»»
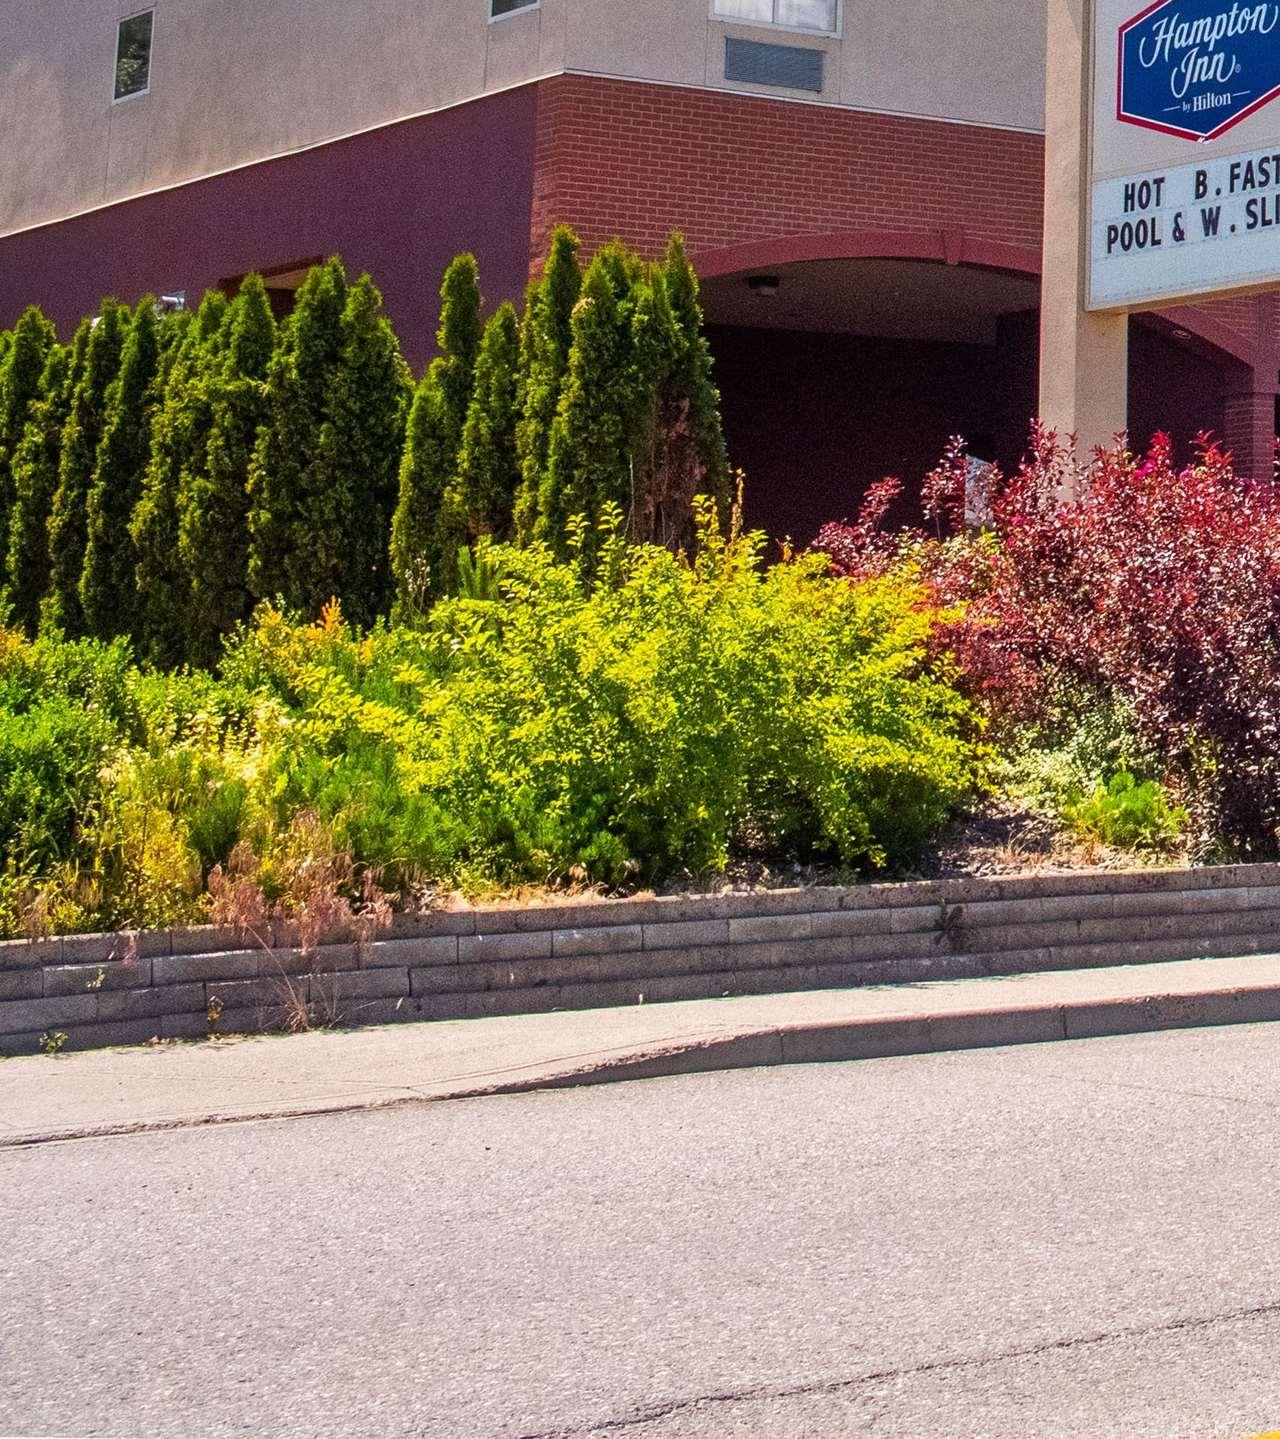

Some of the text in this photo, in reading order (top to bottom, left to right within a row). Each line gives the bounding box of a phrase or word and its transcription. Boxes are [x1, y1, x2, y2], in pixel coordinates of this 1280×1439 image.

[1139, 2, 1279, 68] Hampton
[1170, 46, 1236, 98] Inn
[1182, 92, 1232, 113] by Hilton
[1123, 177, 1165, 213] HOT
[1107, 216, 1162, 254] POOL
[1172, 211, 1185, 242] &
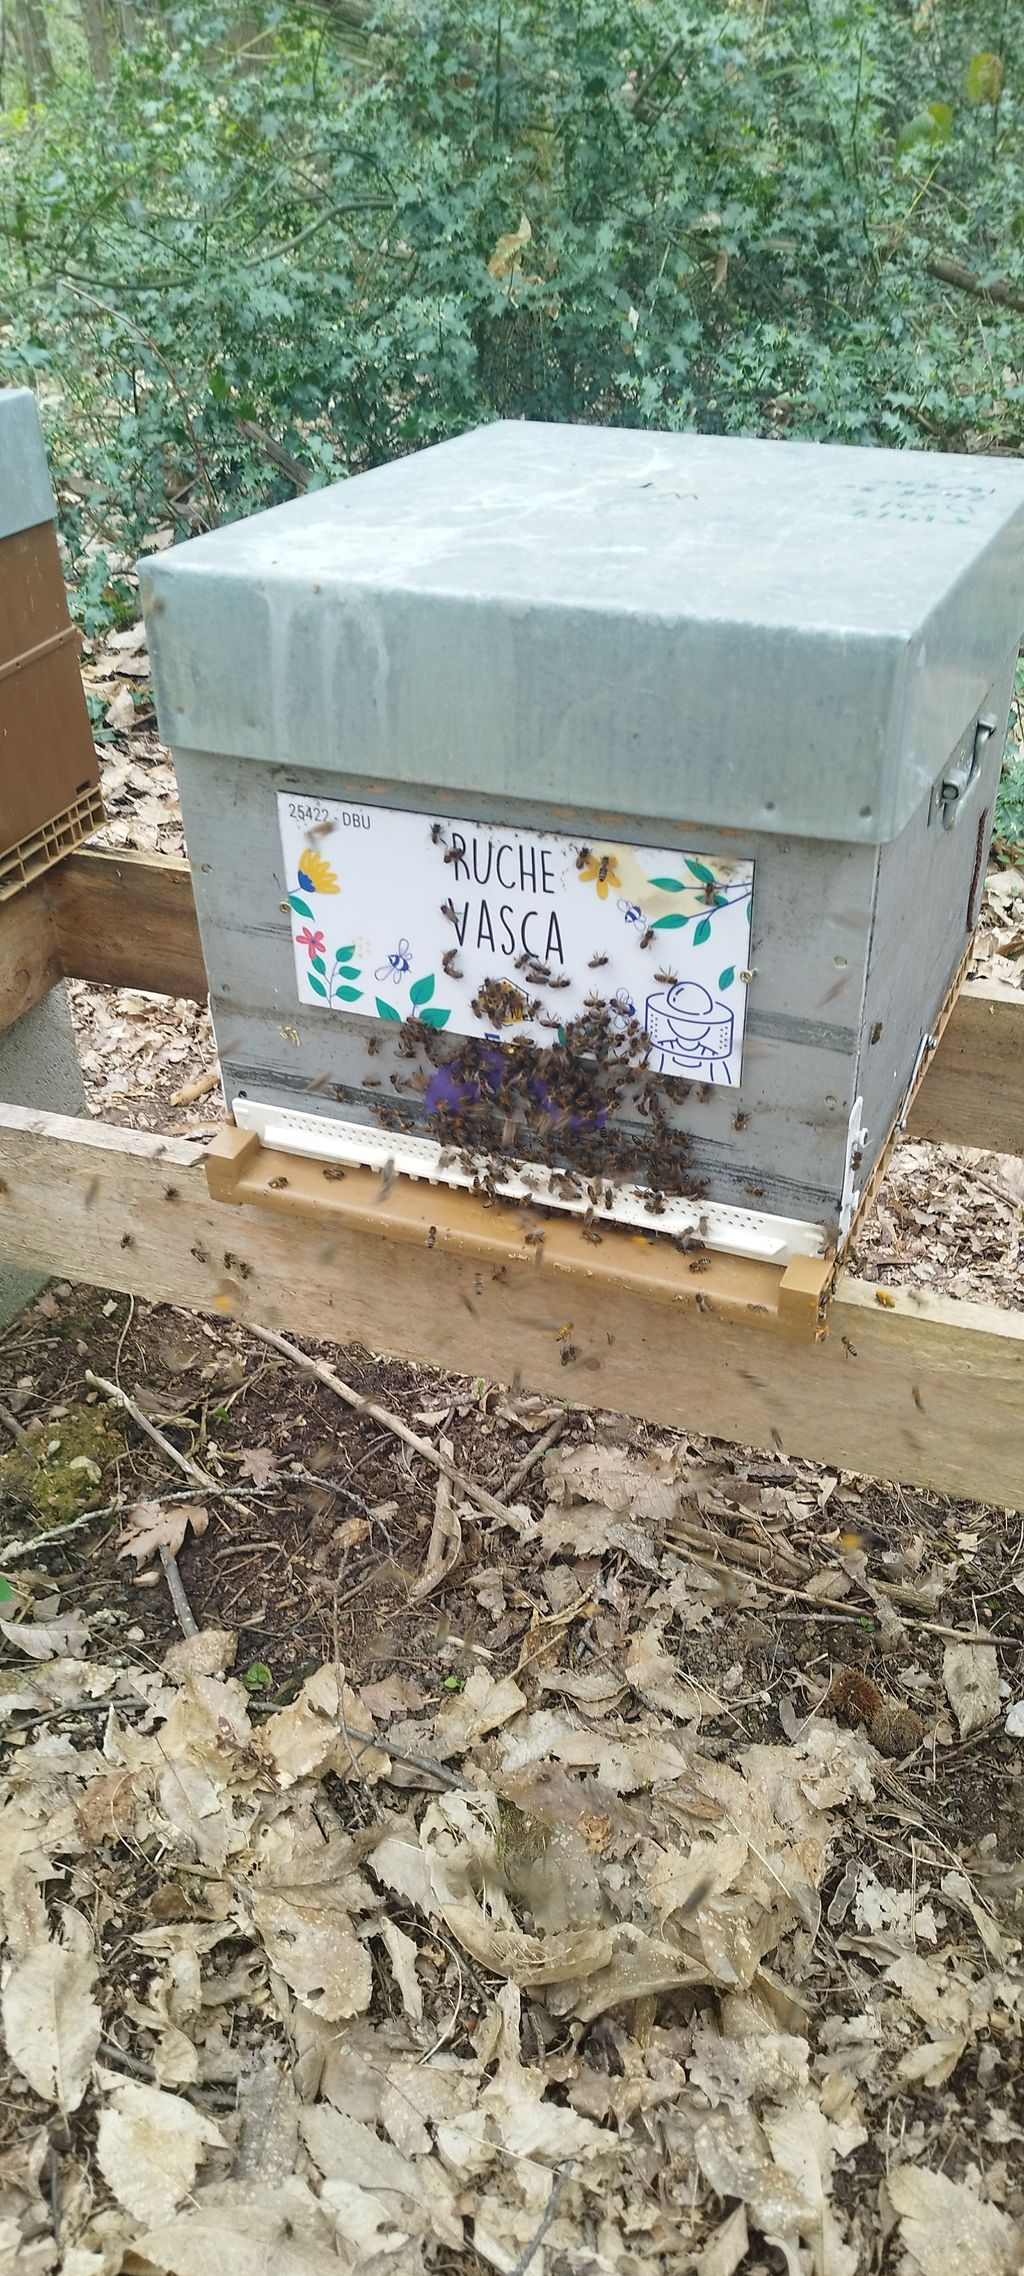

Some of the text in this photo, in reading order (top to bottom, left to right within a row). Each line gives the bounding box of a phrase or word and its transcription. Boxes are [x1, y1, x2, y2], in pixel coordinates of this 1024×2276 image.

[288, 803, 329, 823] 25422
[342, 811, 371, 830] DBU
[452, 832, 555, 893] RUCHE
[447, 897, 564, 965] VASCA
««
◆ **REQUIRED ACTION**
Repeat, exactly and in full, all records above, but include no pictures.

◆ **SOLUTION TO THE EXERCISE**
Some of the text in this photo, in reading order (top to bottom, left to right within a row). Each line gives the bounding box of a phrase or word and its transcription. Boxes are [x1, y1, x2, y2], in pixel coordinates of this 1280×1439 image.

[1139, 2, 1279, 68] Hampton
[1170, 46, 1236, 98] Inn
[1182, 92, 1232, 113] by Hilton
[1123, 177, 1165, 213] HOT
[1107, 216, 1162, 254] POOL
[1172, 211, 1185, 242] &

Some of the text in this photo, in reading order (top to bottom, left to right within a row). Each line gives the bounding box of a phrase or word and its transcription. Boxes are [x1, y1, x2, y2], in pixel coordinates of this 1024×2276 image.

[288, 803, 329, 823] 25422
[342, 811, 371, 830] DBU
[452, 832, 555, 893] RUCHE
[447, 897, 564, 965] VASCA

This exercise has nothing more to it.